-- SUPPLIED INFORMATION follows --

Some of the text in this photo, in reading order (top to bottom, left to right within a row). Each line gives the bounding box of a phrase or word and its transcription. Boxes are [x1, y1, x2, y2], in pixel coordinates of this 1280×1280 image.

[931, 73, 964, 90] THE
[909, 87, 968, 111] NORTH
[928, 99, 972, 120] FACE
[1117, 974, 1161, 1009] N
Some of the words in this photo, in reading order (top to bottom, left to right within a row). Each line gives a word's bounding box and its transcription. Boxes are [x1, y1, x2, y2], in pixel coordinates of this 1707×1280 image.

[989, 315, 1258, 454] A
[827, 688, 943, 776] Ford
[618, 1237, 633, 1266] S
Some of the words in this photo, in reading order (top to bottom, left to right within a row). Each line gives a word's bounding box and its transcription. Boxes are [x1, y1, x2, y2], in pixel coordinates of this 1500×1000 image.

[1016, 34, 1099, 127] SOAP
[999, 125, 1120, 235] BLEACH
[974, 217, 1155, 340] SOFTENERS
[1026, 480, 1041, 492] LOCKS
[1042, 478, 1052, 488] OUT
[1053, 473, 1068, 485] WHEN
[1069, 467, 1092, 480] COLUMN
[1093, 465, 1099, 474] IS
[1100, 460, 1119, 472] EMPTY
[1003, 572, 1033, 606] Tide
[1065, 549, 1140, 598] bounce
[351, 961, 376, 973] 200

-- SUPPLIED INFORMATION concluded --

Would you please give back all of the material above exactly as it stands?

Some of the text in this photo, in reading order (top to bottom, left to right within a row). Each line gives the bounding box of a phrase or word and its transcription. Boxes are [x1, y1, x2, y2], in pixel coordinates of this 1280×1280 image.

[931, 73, 964, 90] THE
[909, 87, 968, 111] NORTH
[928, 99, 972, 120] FACE
[1117, 974, 1161, 1009] N
Some of the words in this photo, in reading order (top to bottom, left to right within a row). Each line gives a word's bounding box and its transcription. Boxes are [x1, y1, x2, y2], in pixel coordinates of this 1707×1280 image.

[989, 315, 1258, 454] A
[827, 688, 943, 776] Ford
[618, 1237, 633, 1266] S
Some of the words in this photo, in reading order (top to bottom, left to right within a row). Each line gives a word's bounding box and its transcription. Boxes are [x1, y1, x2, y2], in pixel coordinates of this 1500×1000 image.

[1016, 34, 1099, 127] SOAP
[999, 125, 1120, 235] BLEACH
[974, 217, 1155, 340] SOFTENERS
[1026, 480, 1041, 492] LOCKS
[1042, 478, 1052, 488] OUT
[1053, 473, 1068, 485] WHEN
[1069, 467, 1092, 480] COLUMN
[1093, 465, 1099, 474] IS
[1100, 460, 1119, 472] EMPTY
[1003, 572, 1033, 606] Tide
[1065, 549, 1140, 598] bounce
[351, 961, 376, 973] 200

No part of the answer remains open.